### [Task input]

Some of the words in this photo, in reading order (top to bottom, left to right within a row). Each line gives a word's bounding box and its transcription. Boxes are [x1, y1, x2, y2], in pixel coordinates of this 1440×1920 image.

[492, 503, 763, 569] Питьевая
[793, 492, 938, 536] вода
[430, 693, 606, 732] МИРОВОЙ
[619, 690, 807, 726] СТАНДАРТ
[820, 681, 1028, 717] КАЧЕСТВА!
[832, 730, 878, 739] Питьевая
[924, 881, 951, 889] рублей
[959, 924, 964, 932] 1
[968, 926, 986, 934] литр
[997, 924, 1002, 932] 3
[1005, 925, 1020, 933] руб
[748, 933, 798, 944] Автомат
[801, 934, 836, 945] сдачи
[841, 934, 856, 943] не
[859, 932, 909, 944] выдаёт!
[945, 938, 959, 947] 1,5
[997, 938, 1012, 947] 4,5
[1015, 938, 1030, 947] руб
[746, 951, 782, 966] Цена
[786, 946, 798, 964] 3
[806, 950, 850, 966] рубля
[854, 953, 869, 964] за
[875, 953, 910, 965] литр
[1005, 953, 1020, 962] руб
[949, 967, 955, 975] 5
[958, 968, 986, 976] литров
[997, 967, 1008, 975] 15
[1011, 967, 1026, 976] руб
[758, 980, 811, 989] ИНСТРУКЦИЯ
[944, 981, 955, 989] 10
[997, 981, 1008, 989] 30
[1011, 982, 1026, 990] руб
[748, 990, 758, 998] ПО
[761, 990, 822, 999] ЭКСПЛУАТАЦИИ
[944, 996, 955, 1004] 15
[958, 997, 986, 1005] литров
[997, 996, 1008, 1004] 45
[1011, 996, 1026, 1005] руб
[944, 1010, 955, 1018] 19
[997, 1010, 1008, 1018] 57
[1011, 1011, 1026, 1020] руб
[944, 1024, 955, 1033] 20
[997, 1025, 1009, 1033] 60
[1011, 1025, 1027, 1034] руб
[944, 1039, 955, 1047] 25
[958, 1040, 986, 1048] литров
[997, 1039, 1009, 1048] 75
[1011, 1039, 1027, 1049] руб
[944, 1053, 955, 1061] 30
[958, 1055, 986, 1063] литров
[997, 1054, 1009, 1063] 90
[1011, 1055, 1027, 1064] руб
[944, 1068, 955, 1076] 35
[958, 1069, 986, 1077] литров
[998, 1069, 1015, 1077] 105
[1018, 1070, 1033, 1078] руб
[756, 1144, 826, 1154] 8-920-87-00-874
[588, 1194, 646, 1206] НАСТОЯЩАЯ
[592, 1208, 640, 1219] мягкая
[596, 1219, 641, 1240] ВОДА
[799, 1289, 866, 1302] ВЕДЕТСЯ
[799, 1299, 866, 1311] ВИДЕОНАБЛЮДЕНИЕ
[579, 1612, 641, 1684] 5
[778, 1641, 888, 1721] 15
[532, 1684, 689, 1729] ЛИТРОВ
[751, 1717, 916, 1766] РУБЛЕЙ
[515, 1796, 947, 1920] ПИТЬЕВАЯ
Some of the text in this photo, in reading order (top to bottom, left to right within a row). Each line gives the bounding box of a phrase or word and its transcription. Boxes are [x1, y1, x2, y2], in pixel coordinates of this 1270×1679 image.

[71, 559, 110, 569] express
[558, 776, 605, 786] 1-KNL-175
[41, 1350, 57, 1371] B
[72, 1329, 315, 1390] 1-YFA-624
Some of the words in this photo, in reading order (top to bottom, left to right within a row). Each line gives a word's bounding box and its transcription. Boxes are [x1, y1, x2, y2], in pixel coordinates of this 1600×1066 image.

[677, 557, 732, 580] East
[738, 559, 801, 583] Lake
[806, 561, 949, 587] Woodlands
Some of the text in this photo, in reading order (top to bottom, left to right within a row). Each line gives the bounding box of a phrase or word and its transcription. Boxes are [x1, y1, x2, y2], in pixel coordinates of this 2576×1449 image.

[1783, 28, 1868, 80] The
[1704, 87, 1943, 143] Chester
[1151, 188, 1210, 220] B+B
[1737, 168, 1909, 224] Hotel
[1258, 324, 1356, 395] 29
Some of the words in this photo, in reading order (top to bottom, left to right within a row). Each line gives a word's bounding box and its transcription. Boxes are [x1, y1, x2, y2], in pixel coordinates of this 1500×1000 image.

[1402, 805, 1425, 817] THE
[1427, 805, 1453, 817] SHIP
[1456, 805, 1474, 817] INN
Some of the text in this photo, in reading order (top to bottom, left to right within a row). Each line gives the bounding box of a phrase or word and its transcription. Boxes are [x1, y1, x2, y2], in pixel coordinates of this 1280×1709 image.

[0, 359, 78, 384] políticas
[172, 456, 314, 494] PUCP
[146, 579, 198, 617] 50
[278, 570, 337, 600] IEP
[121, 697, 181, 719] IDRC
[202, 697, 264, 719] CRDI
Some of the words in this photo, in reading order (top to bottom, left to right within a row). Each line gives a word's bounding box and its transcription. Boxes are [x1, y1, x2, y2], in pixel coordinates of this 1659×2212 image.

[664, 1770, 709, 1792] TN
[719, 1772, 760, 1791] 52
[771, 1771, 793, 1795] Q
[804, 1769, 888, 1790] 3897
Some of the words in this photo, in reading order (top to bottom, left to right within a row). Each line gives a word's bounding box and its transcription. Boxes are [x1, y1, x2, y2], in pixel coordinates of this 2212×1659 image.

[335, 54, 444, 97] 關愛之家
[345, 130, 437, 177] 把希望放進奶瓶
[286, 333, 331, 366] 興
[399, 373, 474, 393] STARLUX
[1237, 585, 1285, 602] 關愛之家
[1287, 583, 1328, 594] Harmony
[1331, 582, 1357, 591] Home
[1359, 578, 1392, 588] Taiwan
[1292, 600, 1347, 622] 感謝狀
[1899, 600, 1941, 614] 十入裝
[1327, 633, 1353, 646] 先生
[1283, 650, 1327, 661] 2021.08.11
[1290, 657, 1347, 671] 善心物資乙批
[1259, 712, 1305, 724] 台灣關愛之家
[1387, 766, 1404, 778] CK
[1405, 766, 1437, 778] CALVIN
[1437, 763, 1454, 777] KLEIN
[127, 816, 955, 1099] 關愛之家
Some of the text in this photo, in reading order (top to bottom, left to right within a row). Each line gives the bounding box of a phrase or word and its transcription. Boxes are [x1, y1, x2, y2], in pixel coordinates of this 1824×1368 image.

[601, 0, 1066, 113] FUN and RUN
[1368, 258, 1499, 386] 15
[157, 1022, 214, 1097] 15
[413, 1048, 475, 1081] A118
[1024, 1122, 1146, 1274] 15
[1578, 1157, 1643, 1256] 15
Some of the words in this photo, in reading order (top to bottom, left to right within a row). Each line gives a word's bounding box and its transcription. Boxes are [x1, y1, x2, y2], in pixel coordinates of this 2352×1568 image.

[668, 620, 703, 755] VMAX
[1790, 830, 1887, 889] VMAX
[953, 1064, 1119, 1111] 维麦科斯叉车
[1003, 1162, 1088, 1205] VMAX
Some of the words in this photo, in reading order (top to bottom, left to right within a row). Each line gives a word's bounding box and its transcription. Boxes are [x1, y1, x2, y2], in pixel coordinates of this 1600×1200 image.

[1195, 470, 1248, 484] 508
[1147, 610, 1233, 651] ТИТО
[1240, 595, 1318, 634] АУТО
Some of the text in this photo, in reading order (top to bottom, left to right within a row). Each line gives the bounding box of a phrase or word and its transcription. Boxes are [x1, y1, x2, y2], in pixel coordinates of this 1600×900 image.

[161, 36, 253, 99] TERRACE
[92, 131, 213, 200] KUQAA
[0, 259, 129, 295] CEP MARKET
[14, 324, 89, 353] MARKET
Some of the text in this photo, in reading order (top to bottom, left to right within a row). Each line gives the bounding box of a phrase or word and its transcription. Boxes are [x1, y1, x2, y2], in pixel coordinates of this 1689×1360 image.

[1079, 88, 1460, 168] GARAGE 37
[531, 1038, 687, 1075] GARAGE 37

### [Exercise instructions]
Beginning with the line that contains "this 1600×1200 image.", write out every line through the end of the entries above, exactly.

### [Answer to this exercise]
Some of the words in this photo, in reading order (top to bottom, left to right within a row). Each line gives a word's bounding box and its transcription. Boxes are [x1, y1, x2, y2], in pixel coordinates of this 1600×1200 image.

[1195, 470, 1248, 484] 508
[1147, 610, 1233, 651] ТИТО
[1240, 595, 1318, 634] АУТО
Some of the text in this photo, in reading order (top to bottom, left to right within a row). Each line gives the bounding box of a phrase or word and its transcription. Boxes are [x1, y1, x2, y2], in pixel coordinates of this 1600×900 image.

[161, 36, 253, 99] TERRACE
[92, 131, 213, 200] KUQAA
[0, 259, 129, 295] CEP MARKET
[14, 324, 89, 353] MARKET
Some of the text in this photo, in reading order (top to bottom, left to right within a row). Each line gives the bounding box of a phrase or word and its transcription. Boxes are [x1, y1, x2, y2], in pixel coordinates of this 1689×1360 image.

[1079, 88, 1460, 168] GARAGE 37
[531, 1038, 687, 1075] GARAGE 37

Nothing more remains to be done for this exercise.